### [Exercise objective]
Transcribe the records below word for word, leaving every picture out.

Stored data entries:
• • • • •

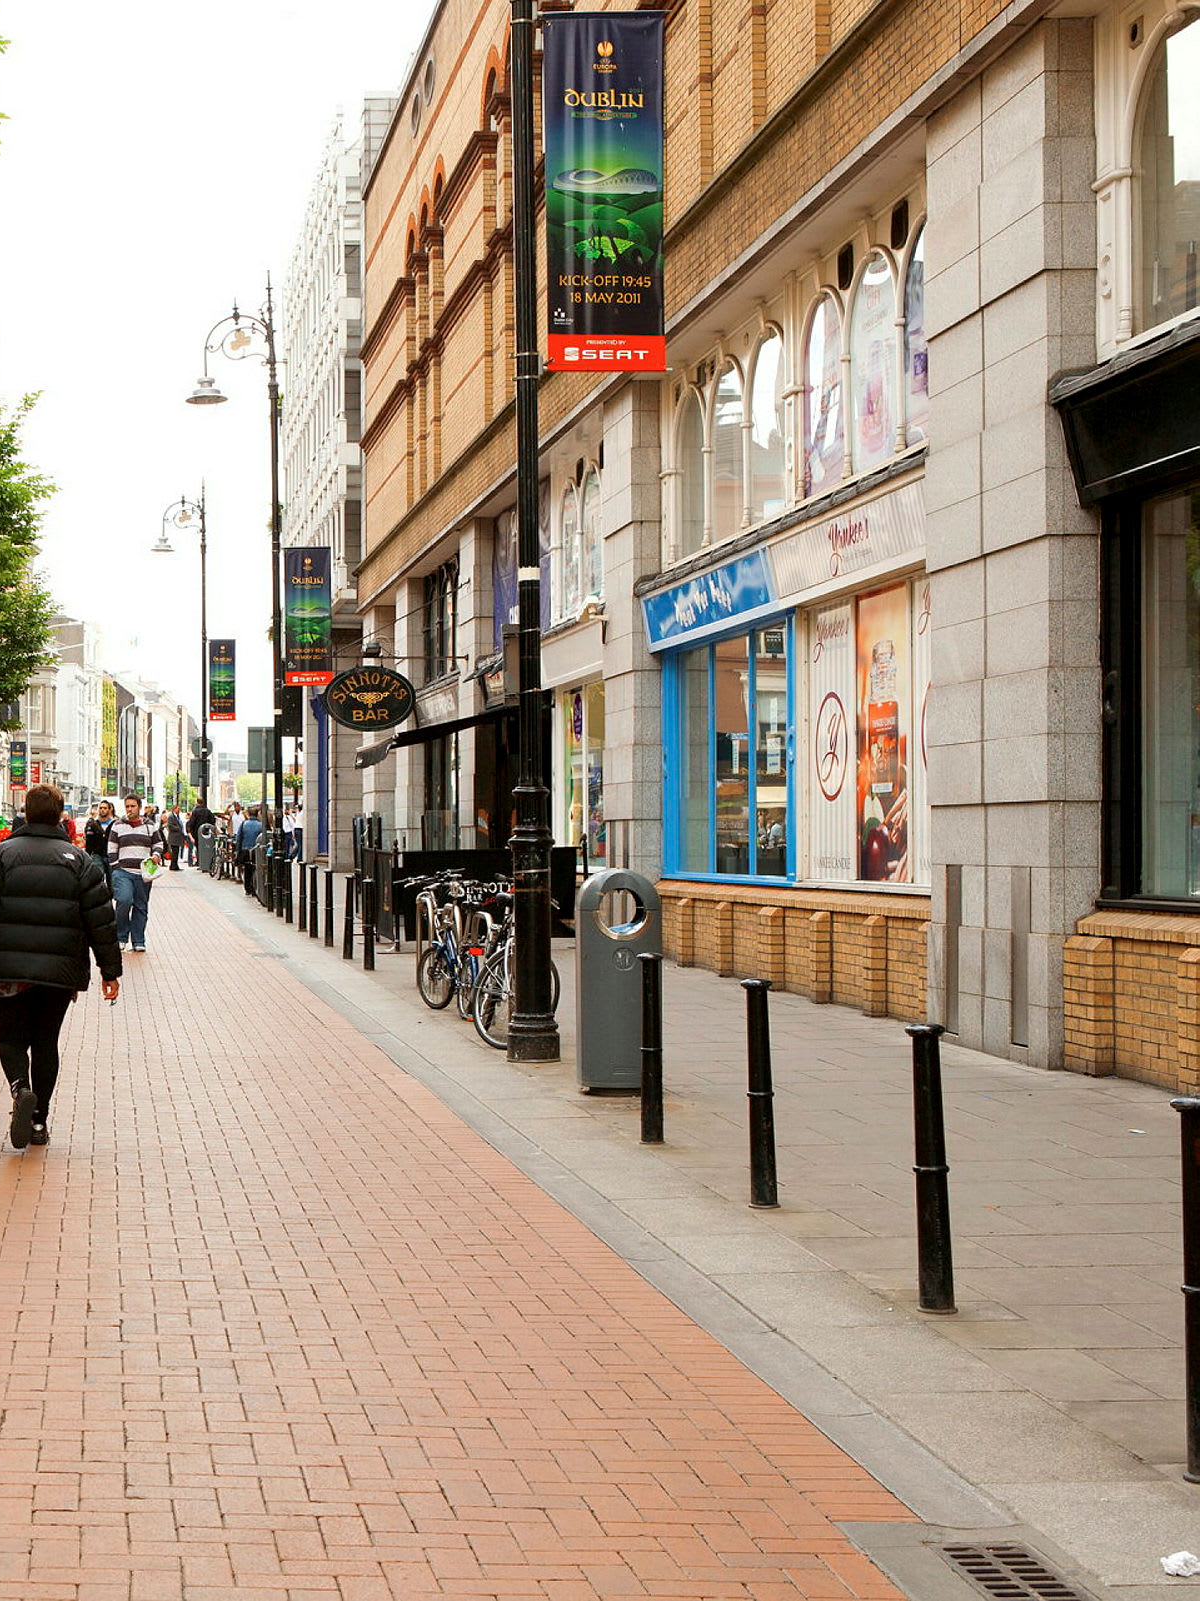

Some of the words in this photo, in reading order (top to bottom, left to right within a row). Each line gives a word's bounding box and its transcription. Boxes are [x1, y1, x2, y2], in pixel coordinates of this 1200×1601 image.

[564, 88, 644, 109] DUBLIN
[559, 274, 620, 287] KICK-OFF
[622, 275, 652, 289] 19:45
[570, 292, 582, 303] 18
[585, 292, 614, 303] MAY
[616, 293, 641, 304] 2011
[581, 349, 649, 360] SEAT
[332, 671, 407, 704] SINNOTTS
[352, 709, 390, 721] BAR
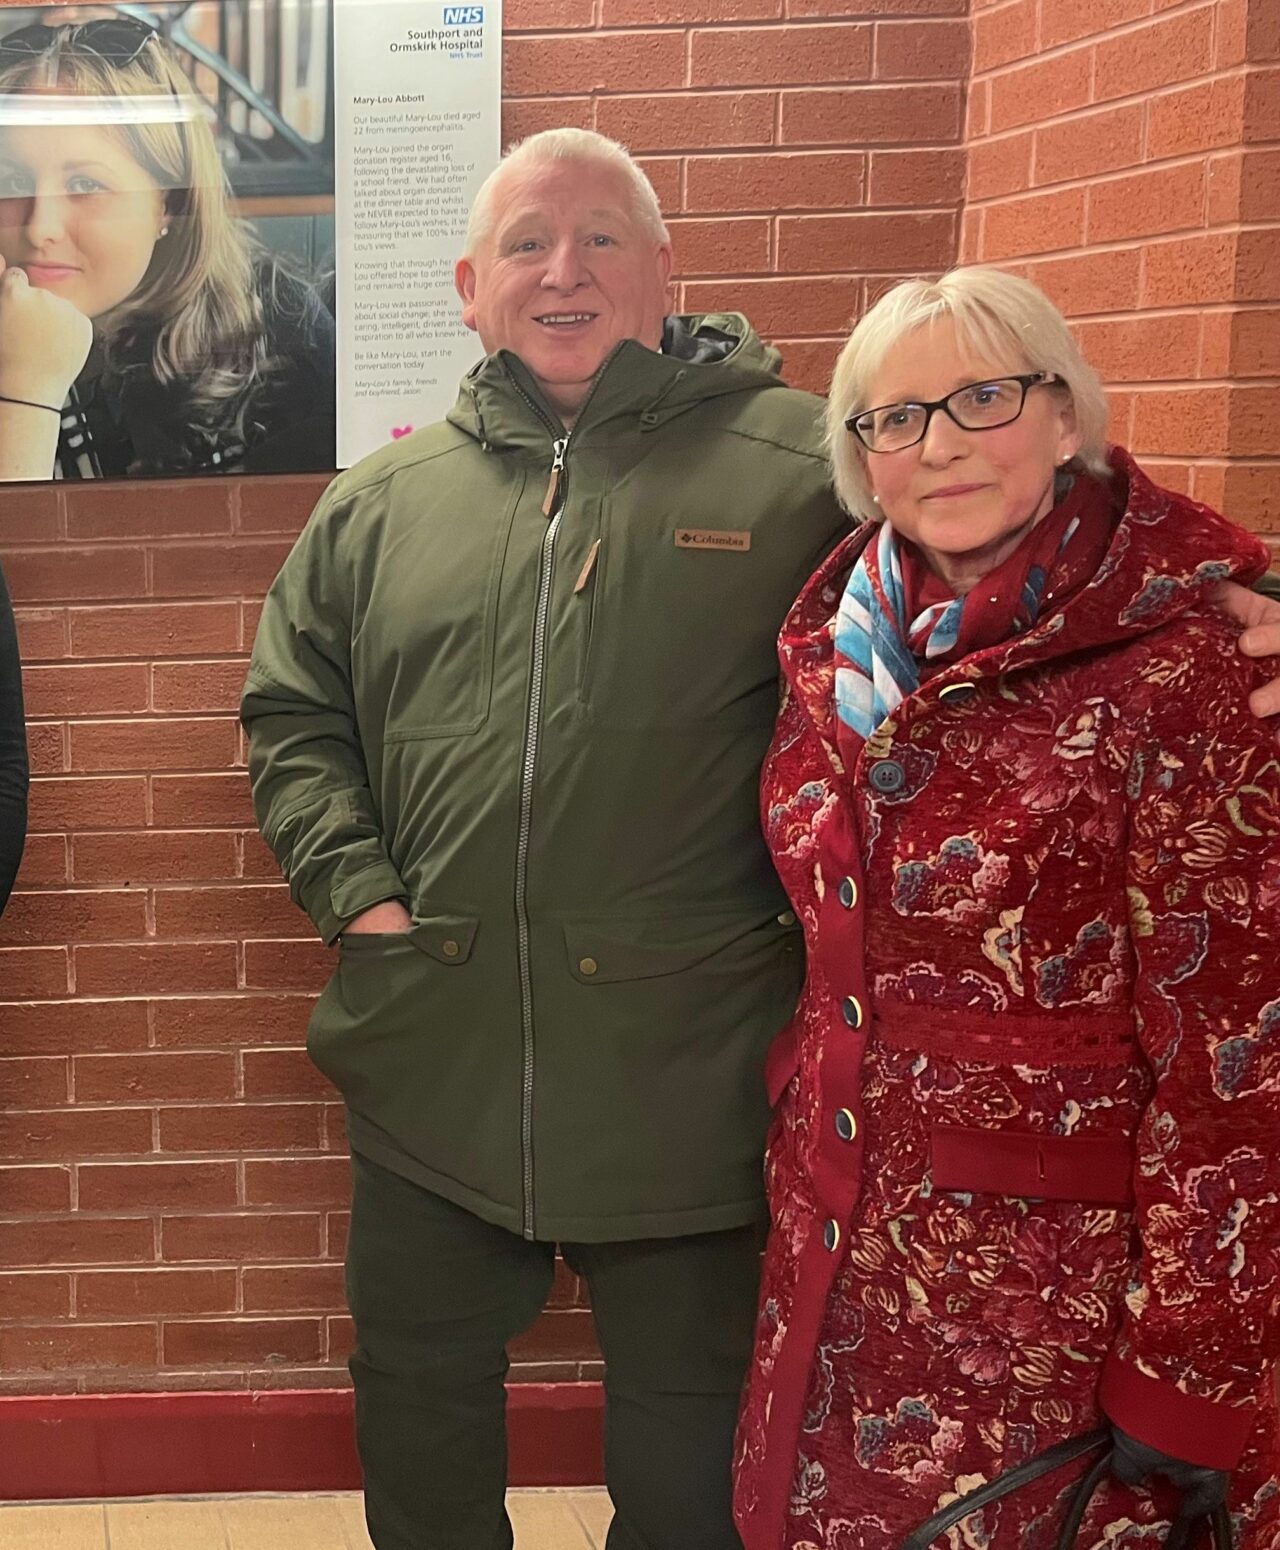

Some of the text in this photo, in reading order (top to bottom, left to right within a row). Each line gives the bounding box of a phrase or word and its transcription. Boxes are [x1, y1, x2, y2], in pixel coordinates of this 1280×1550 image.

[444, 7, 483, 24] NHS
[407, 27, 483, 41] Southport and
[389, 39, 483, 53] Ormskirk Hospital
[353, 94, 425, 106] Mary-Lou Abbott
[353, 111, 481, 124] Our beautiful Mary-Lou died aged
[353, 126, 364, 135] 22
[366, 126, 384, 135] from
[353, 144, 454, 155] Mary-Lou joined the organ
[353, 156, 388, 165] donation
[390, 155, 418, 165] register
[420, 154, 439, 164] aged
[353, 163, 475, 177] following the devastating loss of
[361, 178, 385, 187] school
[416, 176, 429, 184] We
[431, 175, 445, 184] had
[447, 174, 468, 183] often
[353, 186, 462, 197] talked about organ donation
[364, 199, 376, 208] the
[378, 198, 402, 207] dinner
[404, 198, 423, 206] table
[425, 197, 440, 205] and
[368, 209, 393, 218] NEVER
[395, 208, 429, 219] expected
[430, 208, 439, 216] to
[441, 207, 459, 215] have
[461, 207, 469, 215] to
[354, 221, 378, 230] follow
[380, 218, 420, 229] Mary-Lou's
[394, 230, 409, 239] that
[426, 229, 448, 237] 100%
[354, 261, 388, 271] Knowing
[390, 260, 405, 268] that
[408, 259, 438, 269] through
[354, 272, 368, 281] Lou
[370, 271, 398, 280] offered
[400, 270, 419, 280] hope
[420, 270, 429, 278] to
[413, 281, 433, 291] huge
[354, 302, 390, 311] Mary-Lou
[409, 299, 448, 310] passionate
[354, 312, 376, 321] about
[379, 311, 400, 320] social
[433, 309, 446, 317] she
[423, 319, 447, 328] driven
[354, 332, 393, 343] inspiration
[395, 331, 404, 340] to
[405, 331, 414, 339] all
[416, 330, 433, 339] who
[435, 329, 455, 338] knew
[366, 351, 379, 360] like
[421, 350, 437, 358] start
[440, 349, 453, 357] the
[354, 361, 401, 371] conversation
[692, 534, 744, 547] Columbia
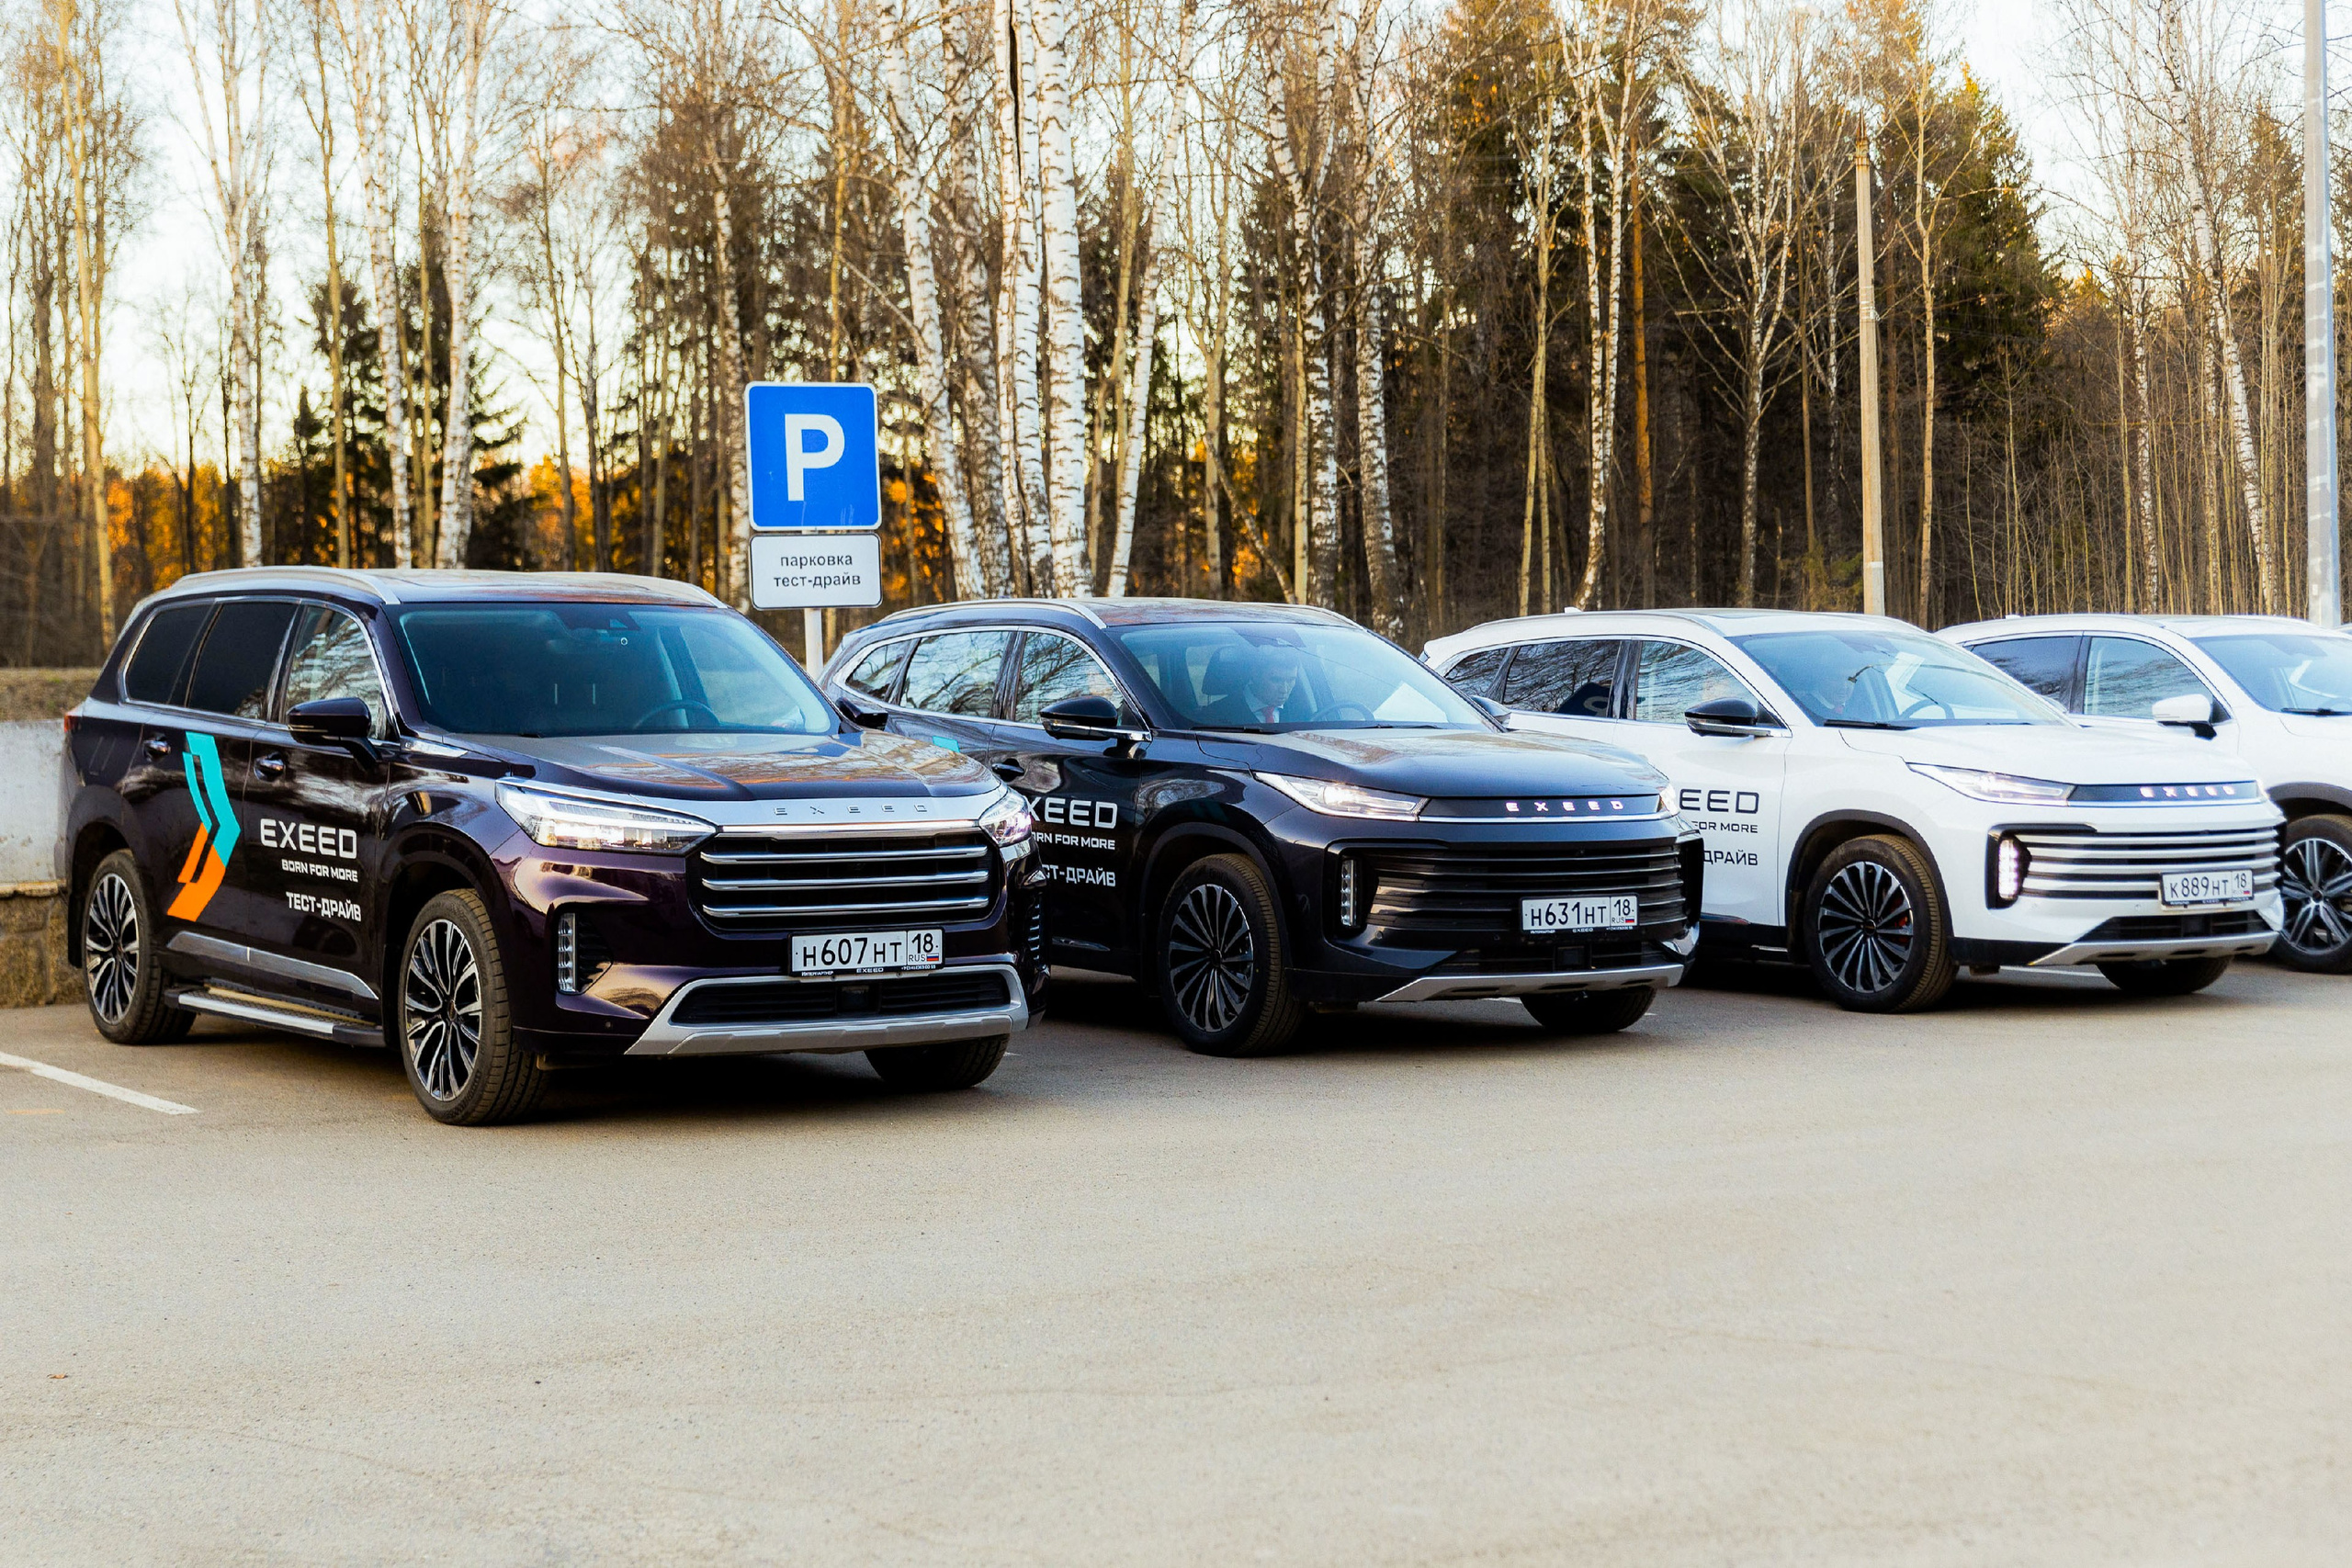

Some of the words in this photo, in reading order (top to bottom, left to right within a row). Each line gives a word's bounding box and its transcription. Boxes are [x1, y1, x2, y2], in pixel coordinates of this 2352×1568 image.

• • • • •

### [Solution for this problem]
Some of the words in this photo, in reading order (top to bottom, left to right within a row). Each line gives a word's bounding box and its transcription. Boxes are [x1, y1, x2, y2], in pixel coordinates of this 1200×1601 image.

[564, 88, 644, 109] DUBLIN
[559, 274, 620, 287] KICK-OFF
[622, 275, 652, 289] 19:45
[570, 292, 582, 303] 18
[585, 292, 614, 303] MAY
[616, 293, 641, 304] 2011
[581, 349, 649, 360] SEAT
[332, 671, 407, 704] SINNOTTS
[352, 709, 390, 721] BAR

Some of the text in this photo, in reading order (top to bottom, left to right within a row). Each line gives the bounding box of a phrase or word and its transcription. Boxes are [x1, y1, x2, y2], in pixel coordinates of this 1280×1550 image.

[444, 7, 483, 24] NHS
[407, 27, 483, 41] Southport and
[389, 39, 483, 53] Ormskirk Hospital
[353, 94, 425, 106] Mary-Lou Abbott
[353, 111, 481, 124] Our beautiful Mary-Lou died aged
[353, 126, 364, 135] 22
[366, 126, 384, 135] from
[353, 144, 454, 155] Mary-Lou joined the organ
[353, 156, 388, 165] donation
[390, 155, 418, 165] register
[420, 154, 439, 164] aged
[353, 163, 475, 177] following the devastating loss of
[361, 178, 385, 187] school
[416, 176, 429, 184] We
[431, 175, 445, 184] had
[447, 174, 468, 183] often
[353, 186, 462, 197] talked about organ donation
[364, 199, 376, 208] the
[378, 198, 402, 207] dinner
[404, 198, 423, 206] table
[425, 197, 440, 205] and
[368, 209, 393, 218] NEVER
[395, 208, 429, 219] expected
[430, 208, 439, 216] to
[441, 207, 459, 215] have
[461, 207, 469, 215] to
[354, 221, 378, 230] follow
[380, 218, 420, 229] Mary-Lou's
[394, 230, 409, 239] that
[426, 229, 448, 237] 100%
[354, 261, 388, 271] Knowing
[390, 260, 405, 268] that
[408, 259, 438, 269] through
[354, 272, 368, 281] Lou
[370, 271, 398, 280] offered
[400, 270, 419, 280] hope
[420, 270, 429, 278] to
[413, 281, 433, 291] huge
[354, 302, 390, 311] Mary-Lou
[409, 299, 448, 310] passionate
[354, 312, 376, 321] about
[379, 311, 400, 320] social
[433, 309, 446, 317] she
[423, 319, 447, 328] driven
[354, 332, 393, 343] inspiration
[395, 331, 404, 340] to
[405, 331, 414, 339] all
[416, 330, 433, 339] who
[435, 329, 455, 338] knew
[366, 351, 379, 360] like
[421, 350, 437, 358] start
[440, 349, 453, 357] the
[354, 361, 401, 371] conversation
[692, 534, 744, 547] Columbia

Some of the words in this photo, in reading order (top to bottom, left to right within a row). Each line gives a word's bounding box and its transcription. Boxes are [x1, y1, x2, y2], in pixel coordinates of this 2352×1568 image.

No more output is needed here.